Every line of the data below is to be retyped exactly.

****************

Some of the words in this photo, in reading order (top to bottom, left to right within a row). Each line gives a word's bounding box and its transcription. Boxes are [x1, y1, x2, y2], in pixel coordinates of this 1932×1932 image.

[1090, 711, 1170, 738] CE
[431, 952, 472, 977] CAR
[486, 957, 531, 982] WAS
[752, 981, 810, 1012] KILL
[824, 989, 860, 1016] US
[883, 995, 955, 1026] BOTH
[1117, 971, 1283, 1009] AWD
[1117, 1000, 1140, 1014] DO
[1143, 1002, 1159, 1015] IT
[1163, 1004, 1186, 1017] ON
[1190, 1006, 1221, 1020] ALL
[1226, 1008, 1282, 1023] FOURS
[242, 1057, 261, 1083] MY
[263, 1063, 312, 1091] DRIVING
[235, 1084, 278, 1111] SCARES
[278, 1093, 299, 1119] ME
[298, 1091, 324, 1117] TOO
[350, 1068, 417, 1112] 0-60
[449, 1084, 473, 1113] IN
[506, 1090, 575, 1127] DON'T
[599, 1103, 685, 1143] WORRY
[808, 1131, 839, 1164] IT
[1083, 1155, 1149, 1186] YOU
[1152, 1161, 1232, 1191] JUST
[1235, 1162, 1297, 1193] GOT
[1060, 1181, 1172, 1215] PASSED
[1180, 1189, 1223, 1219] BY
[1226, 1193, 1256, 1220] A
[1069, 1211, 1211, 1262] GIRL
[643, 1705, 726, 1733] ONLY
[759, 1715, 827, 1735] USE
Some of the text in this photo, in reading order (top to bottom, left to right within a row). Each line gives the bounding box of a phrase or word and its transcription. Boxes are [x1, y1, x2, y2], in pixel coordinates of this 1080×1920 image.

****************

**RESPONSE TO THE TASK:**
Some of the words in this photo, in reading order (top to bottom, left to right within a row). Each line gives a word's bounding box and its transcription. Boxes are [x1, y1, x2, y2], in pixel coordinates of this 1932×1932 image.

[1090, 711, 1170, 738] CE
[431, 952, 472, 977] CAR
[486, 957, 531, 982] WAS
[752, 981, 810, 1012] KILL
[824, 989, 860, 1016] US
[883, 995, 955, 1026] BOTH
[1117, 971, 1283, 1009] AWD
[1117, 1000, 1140, 1014] DO
[1143, 1002, 1159, 1015] IT
[1163, 1004, 1186, 1017] ON
[1190, 1006, 1221, 1020] ALL
[1226, 1008, 1282, 1023] FOURS
[242, 1057, 261, 1083] MY
[263, 1063, 312, 1091] DRIVING
[235, 1084, 278, 1111] SCARES
[278, 1093, 299, 1119] ME
[298, 1091, 324, 1117] TOO
[350, 1068, 417, 1112] 0-60
[449, 1084, 473, 1113] IN
[506, 1090, 575, 1127] DON'T
[599, 1103, 685, 1143] WORRY
[808, 1131, 839, 1164] IT
[1083, 1155, 1149, 1186] YOU
[1152, 1161, 1232, 1191] JUST
[1235, 1162, 1297, 1193] GOT
[1060, 1181, 1172, 1215] PASSED
[1180, 1189, 1223, 1219] BY
[1226, 1193, 1256, 1220] A
[1069, 1211, 1211, 1262] GIRL
[643, 1705, 726, 1733] ONLY
[759, 1715, 827, 1735] USE
Some of the text in this photo, in reading order (top to bottom, left to right within a row). Each line gives the bounding box of a phrase or word and its transcription. Boxes are [x1, y1, x2, y2], in pixel coordinates of this 1080×1920 image.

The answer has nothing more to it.